El hábito matutino que podría elevar el riesgo de deterioro cognitivo

Saltarse el desayuno de manera frecuente se ha relacionado con un mayor riesgo de deterioro cognitivo, mayor atrofia cerebral y niveles elevados de biomarcadores asociados con demencia en adultos mayores, de acuerdo con un estudio citado por EatingWell.
La investigación siguió durante tres años a personas de 60 años o más y encontró que quienes omitían habitualmente el desayuno mostraban, a los 36 meses, un peor rendimiento cognitivo y señales biológicas vinculadas con procesos neurodegenerativos, además de menor volumen cerebral. Aunque los resultados muestran una asociación, el estudio no demuestra una relación causal directa.
En las primeras evaluaciones no se observaron diferencias significativas entre quienes desayunaban y quienes no lo hacían.

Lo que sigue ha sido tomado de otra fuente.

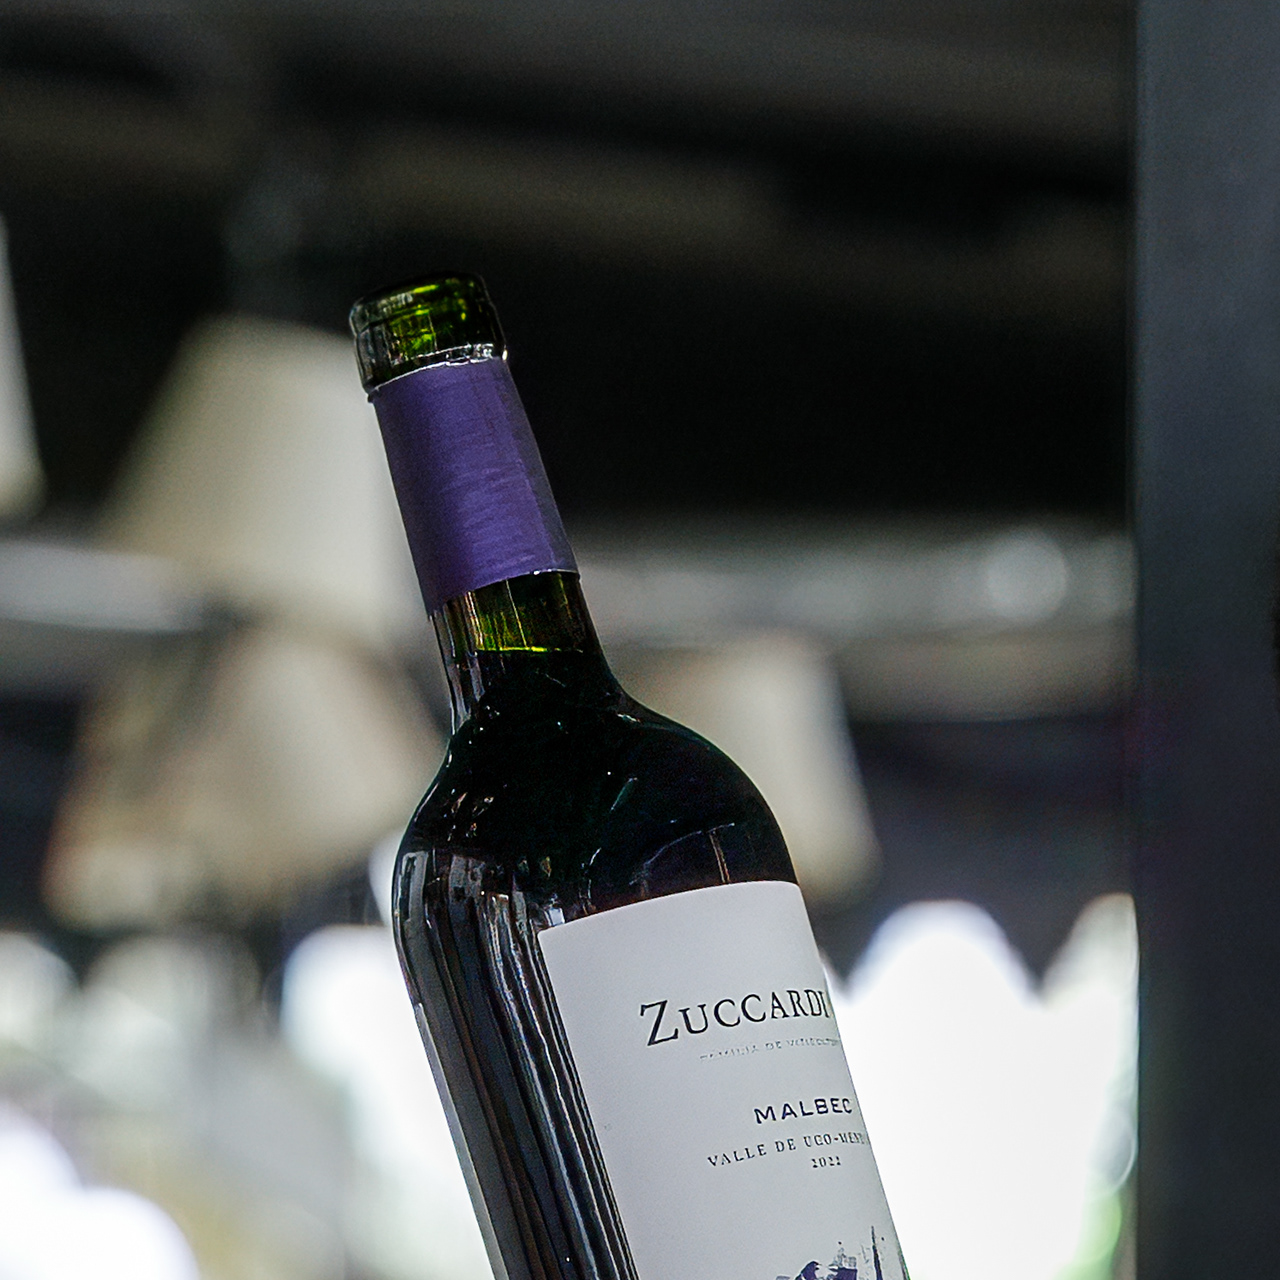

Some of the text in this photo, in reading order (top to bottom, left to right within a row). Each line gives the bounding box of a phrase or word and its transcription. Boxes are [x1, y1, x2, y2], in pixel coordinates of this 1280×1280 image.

[640, 989, 831, 1046] ZUCCARDI
[754, 1097, 852, 1124] MALBEC
[707, 1143, 768, 1167] VALLE
[774, 1138, 797, 1152] DE

Sin embargo, estas se hicieron evidentes en la medición final, cuando el grupo que se saltaba el desayuno obtuvo peores resultados en pruebas cognitivas.

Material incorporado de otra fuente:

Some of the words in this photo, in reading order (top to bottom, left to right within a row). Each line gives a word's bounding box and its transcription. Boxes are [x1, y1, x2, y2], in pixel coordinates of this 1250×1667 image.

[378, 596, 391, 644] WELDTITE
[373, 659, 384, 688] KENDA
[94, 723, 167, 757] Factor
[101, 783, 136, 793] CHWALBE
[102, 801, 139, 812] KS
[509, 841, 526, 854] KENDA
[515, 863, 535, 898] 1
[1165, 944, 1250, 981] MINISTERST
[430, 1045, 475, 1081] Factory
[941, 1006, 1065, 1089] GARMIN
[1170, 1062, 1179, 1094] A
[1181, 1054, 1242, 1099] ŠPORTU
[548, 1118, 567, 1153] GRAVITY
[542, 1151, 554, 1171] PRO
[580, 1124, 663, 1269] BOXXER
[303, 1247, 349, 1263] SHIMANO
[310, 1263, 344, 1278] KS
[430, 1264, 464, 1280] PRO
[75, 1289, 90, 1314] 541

Los análisis estadísticos consideraron variables como edad, sexo, nivel educativo, índice de masa corporal, presencia del gen ApoE, presión arterial, diabetes y lípidos en sangre. Aun así, la asociación entre omitir el desayuno y peor salud cerebral se mantuvo. También se observaron hallazgos similares en análisis complementarios con ajuste por emparejamiento de participantes.

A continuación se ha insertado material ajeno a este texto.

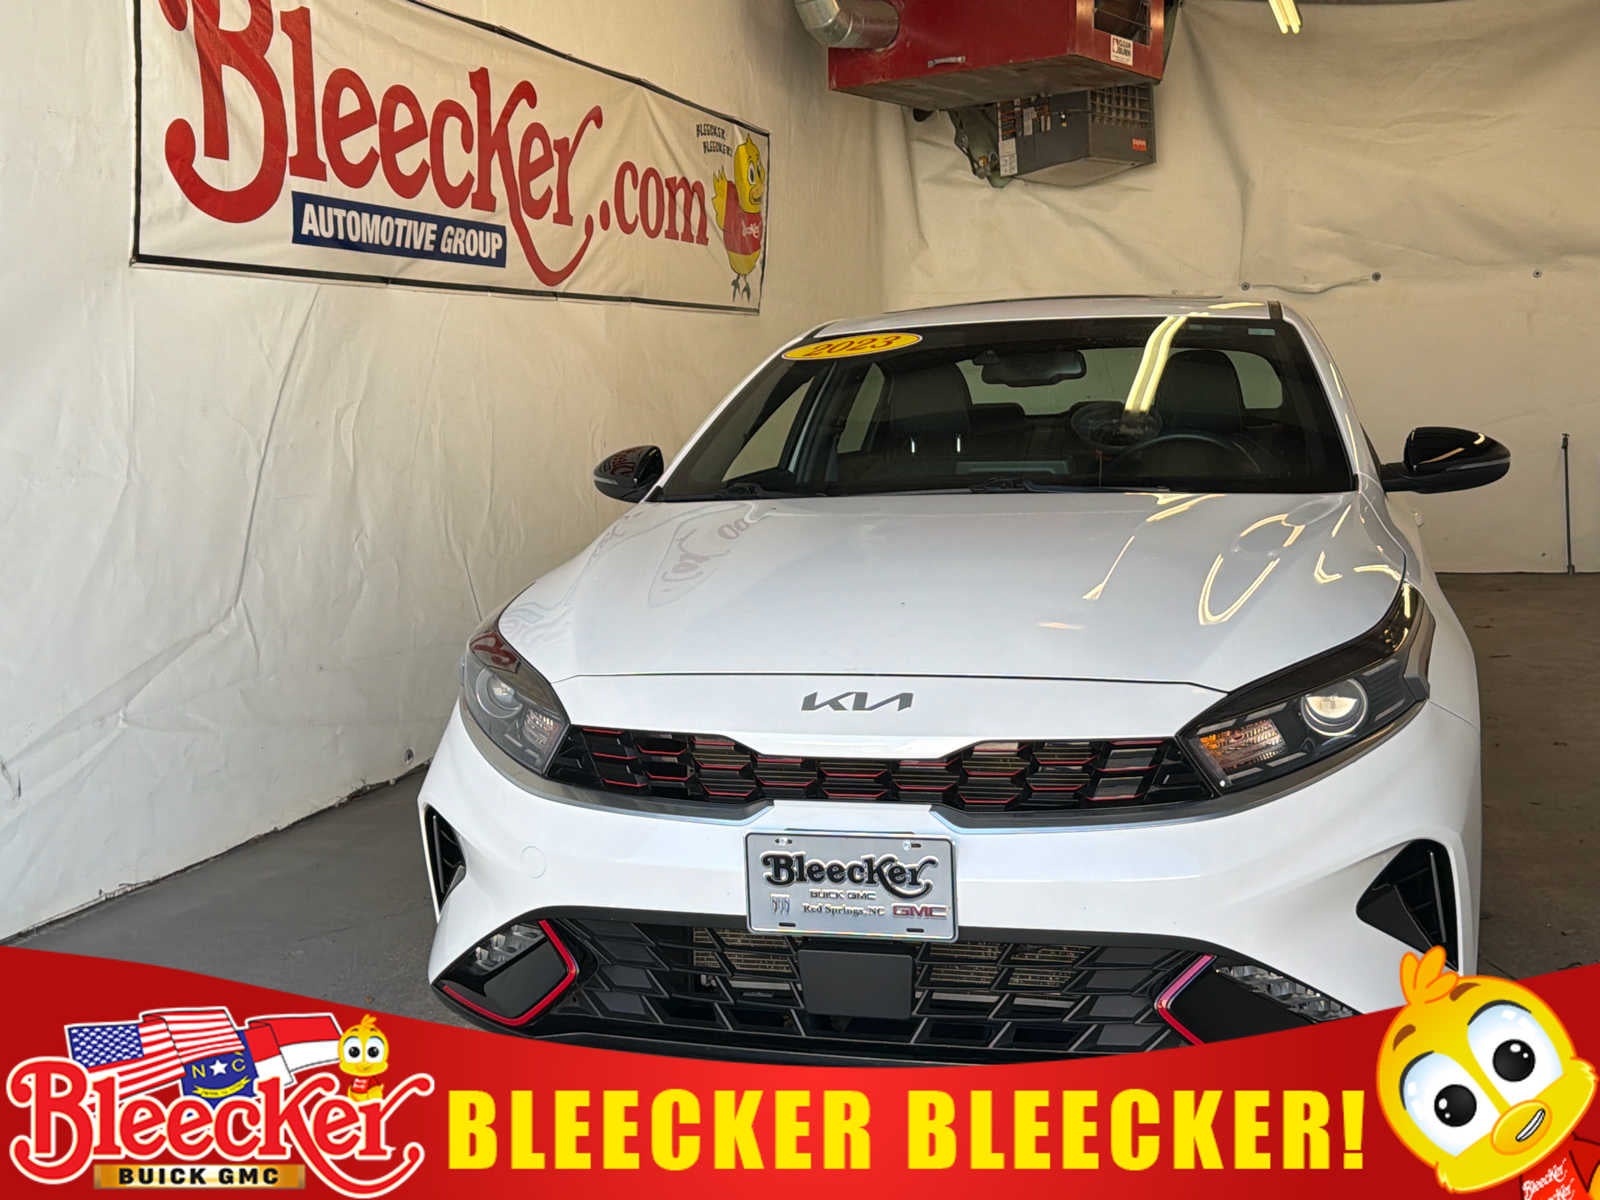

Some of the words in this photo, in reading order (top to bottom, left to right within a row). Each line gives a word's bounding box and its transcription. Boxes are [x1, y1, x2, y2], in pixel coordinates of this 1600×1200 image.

[301, 203, 438, 252] AUTOMOTIVE
[440, 225, 503, 260] GROUP
[801, 335, 902, 358] 2023
[761, 853, 938, 899] Bleecker
[810, 889, 844, 900] BUICK
[847, 891, 876, 901] GMC
[803, 903, 823, 914] Red
[892, 904, 948, 919] GMC

Además, se detectaron niveles más altos de biomarcadores sanguíneos relacionados con neurodegeneración en quienes no desayunaban con regularidad. En el subgrupo que se sometió a resonancias magnéticas, también se evidenció mayor atrofia cerebral.
Diseño del estudio
Se trató de una investigación observacional, donde los participantes mantuvieron sus hábitos alimentarios habituales. Se consideró como “saltarse el desayuno de forma habitual” hacerlo al menos una vez por semana.
De los 973 participantes iniciales, 859 completaron el seguimiento. De ellos, 117 fueron clasificados como omisores habituales del desayuno. La función cognitiva se evaluó mediante pruebas periódicas cada 18 meses, junto con el análisis del gen ApoE, relacionado con riesgo de Alzheimer.
Un subgrupo de 179 personas fue evaluado con resonancias magnéticas para medir cambios en el volumen cerebral.
Implicaciones y contexto
El artículo sugiere que este hábito podría actuar como un factor de riesgo independiente para el deterioro cognitivo en adultos mayores, aunque recalca que se trata de una asociación y no de causalidad.
También se menciona que los procesos relacionados con enfermedades neurodegenerativas pueden comenzar décadas antes de los síntomas visibles, lo que refuerza la importancia de los hábitos sostenidos en el tiempo.
El texto añade que omitir el desayuno puede vincularse con otros efectos metabólicos y hormonales, como mayor respuesta al estrés, cambios en el cortisol, ansiedad por baja glucosa o dificultad para mantener la concentración.
Alternativas prácticas
Como opciones para quienes tienen poco tiempo, se proponen desayunos simples como avena preparada con anticipación, yogur con frutas, pudín de chía, batidos o preparaciones con huevo.
También se recomienda combinar fibra y proteína para aumentar la saciedad, por ejemplo con pan integral, lácteos o bebidas vegetales, junto con fuentes de proteína como huevo o yogur.
En general, el artículo sugiere que, más que grandes cambios, mantener una rutina regular de desayuno podría ser un hábito relevante dentro de un estilo de vida saludable, especialmente en la edad adulta mayor.